Leadership is often seen as a nebulous concept, raising questions about its true nature, defining traits, and practical application. What exactly constitutes leadership and how does one go about being one?

The effectiveness of leadership can vary depending on various factors such as career stage, job role, and personal motivations. Different leaders have distinct approaches that bring out the best in individuals.

By categorising the diverse types of leaders, we not only gain insight into who inspires us to perform at our peak but also uncover our preferred leadership styles. This understanding is instrumental in fostering effective leadership dynamics within teams and organisations.


Coaching leadership is a type of leadership style focused on ongoing development to drive performance

This type of leadership is used to motivate employees and build a collective vision

Coaching leaders understand that great ideas can come from anyone on the team and actively encourage ideas and feedback

Coaching leaders don’t micro-manage. Instead, they motivate members of their team to achieve both personal and professional goals.
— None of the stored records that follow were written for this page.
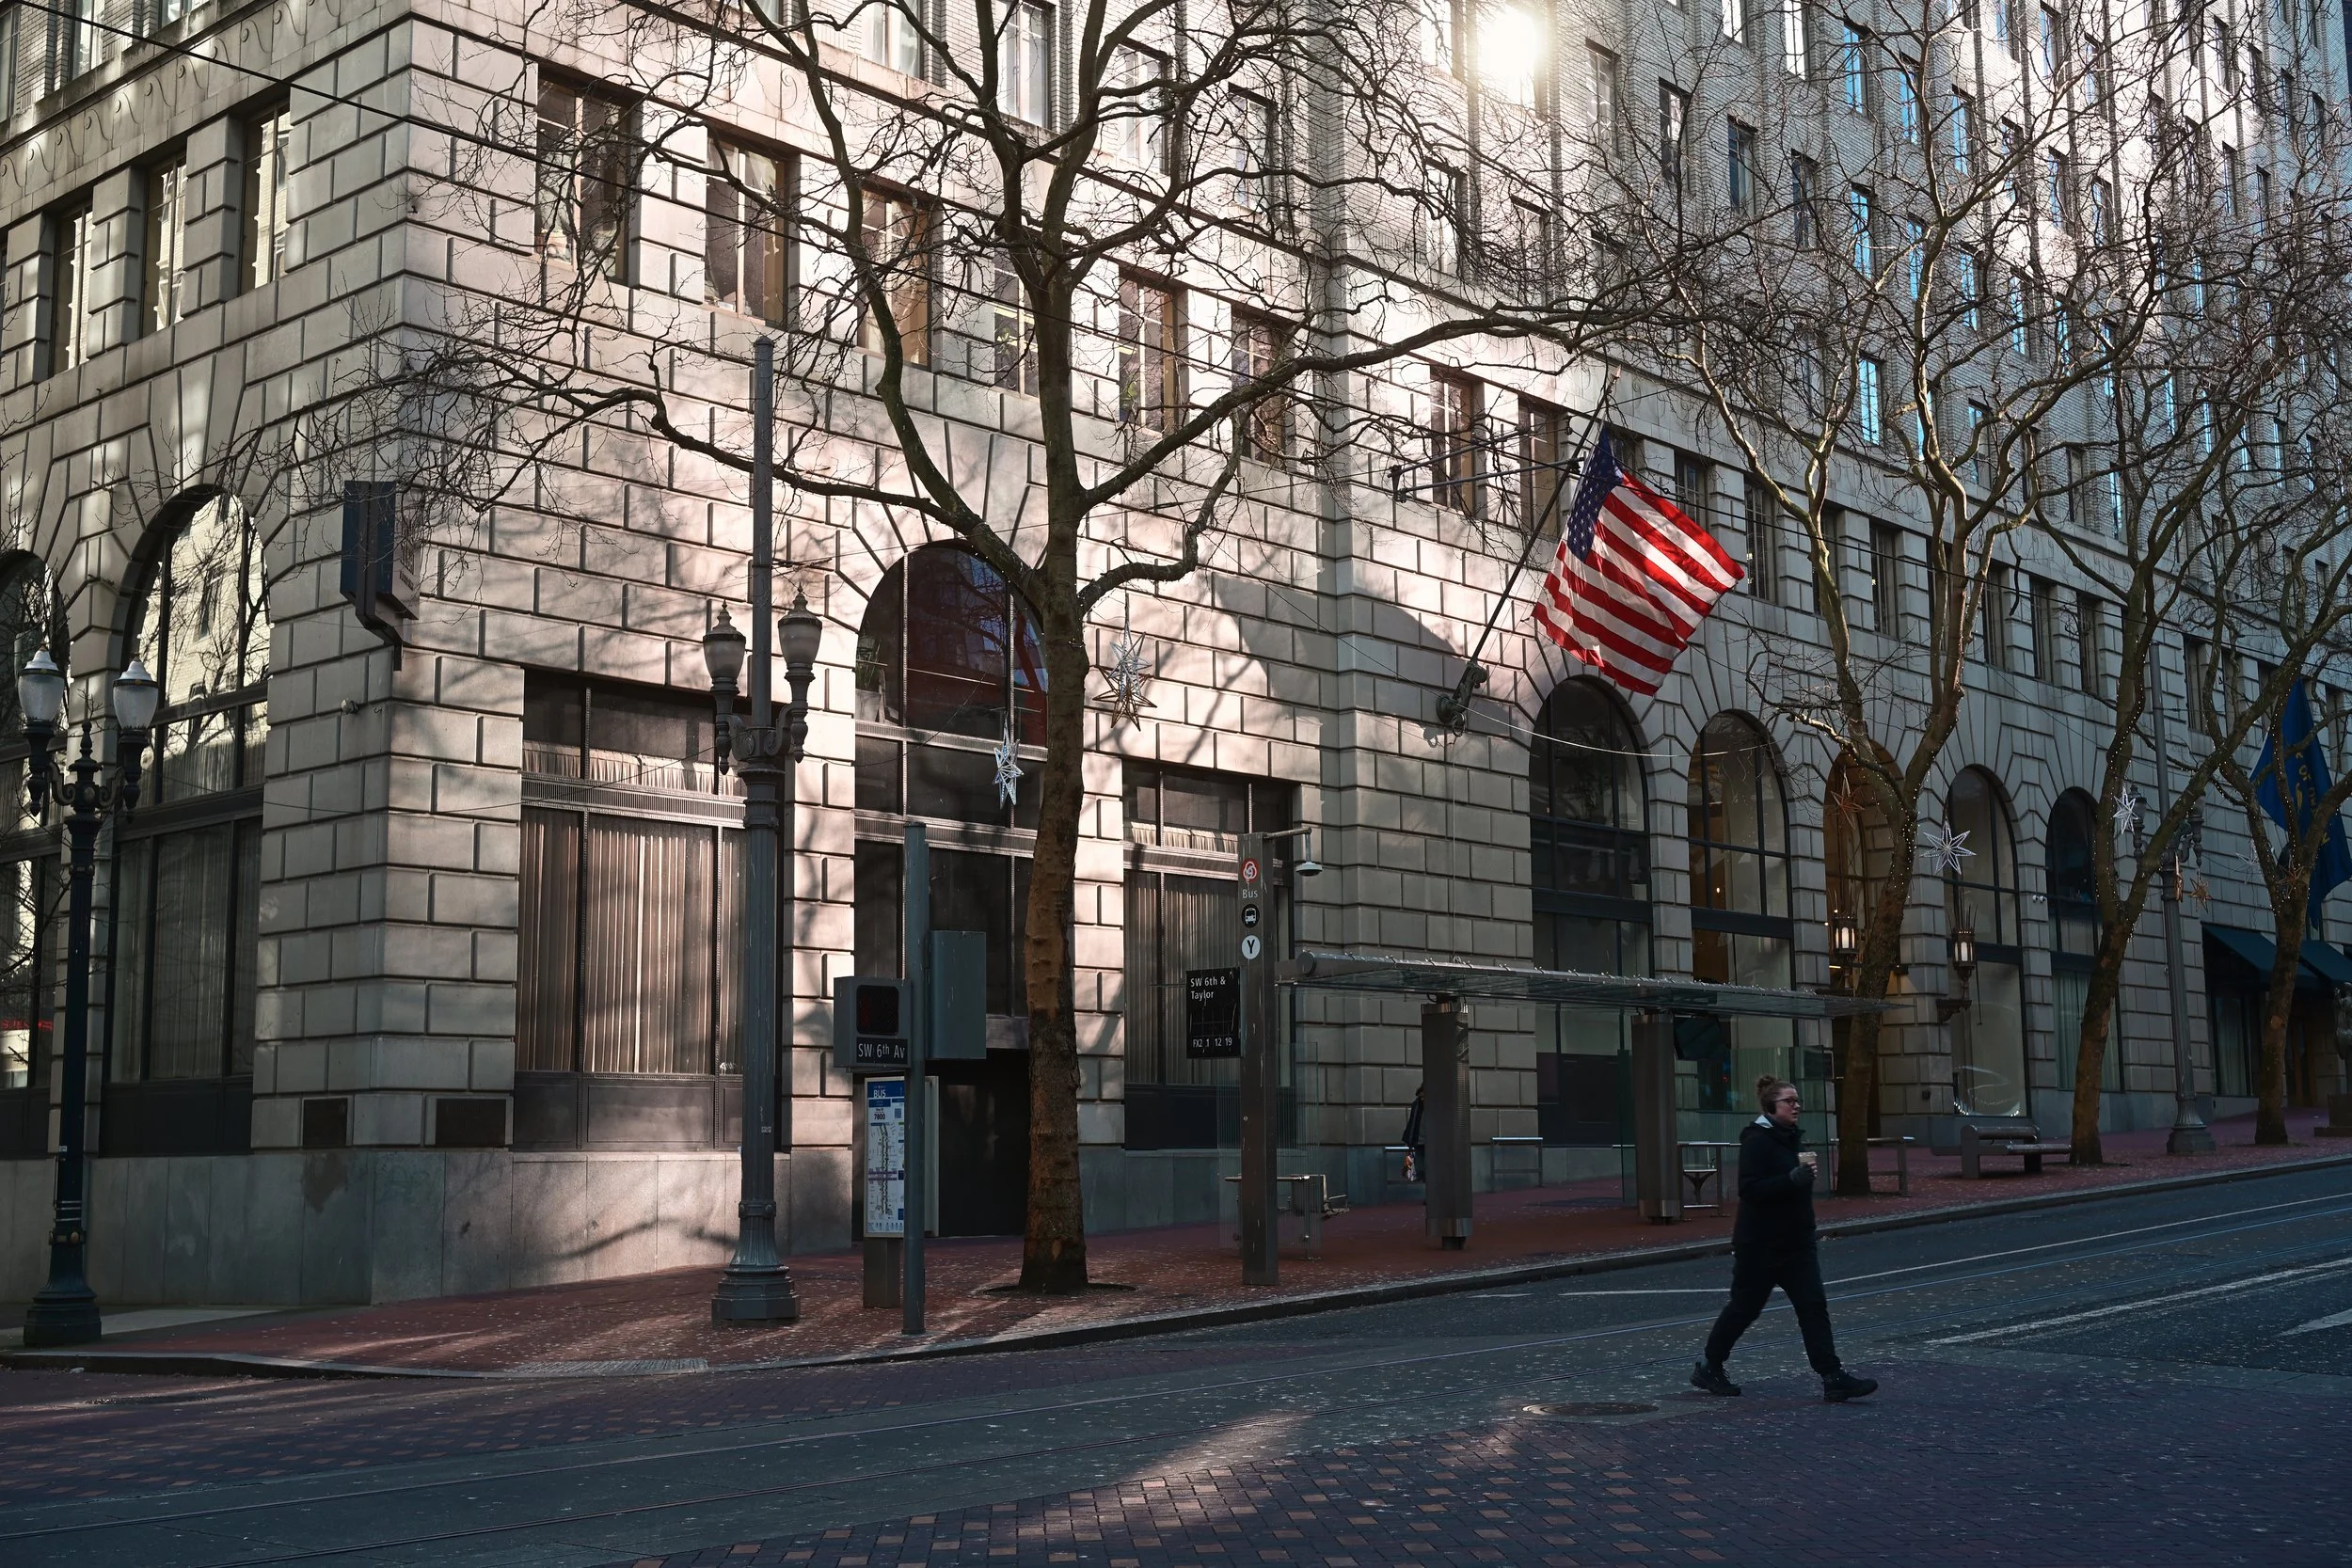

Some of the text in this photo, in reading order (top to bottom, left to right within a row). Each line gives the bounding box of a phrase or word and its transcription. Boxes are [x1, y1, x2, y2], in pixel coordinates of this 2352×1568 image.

[1243, 889, 1258, 899] Bus
[1248, 940, 1255, 954] Y
[1190, 976, 1226, 987] SW 6th &
[1190, 990, 1214, 1001] Taylor
[1193, 1037, 1232, 1048] FX2 1 12 19
[858, 1043, 905, 1059] SW 6th Av
[873, 1089, 886, 1098] BUS
Results and tasks can sometimes take some time because of the coaching leader’s need to teach

When there are long-term lessons to be learned the coaching leader accepts short-term failure

Creates environment for ongoing improvement in team skills, confidence and motivation

Long-term results can be significantly increased, making the organisation stronger and stronger over time


Visionary leaders have a vision of where the organisation should be

They tend to see the big picture and normally don’t worry as much about the small details

These leaders shift people and processes in a way to get them closer to their vision of what the company should be

Visionary leaders are charismatic and determined to strive for their goals. They are this way because they really believe in the change they are making and are great at “rallying the troops” to keep them moving forward

This type of leadership is great before and during transition phases within a company.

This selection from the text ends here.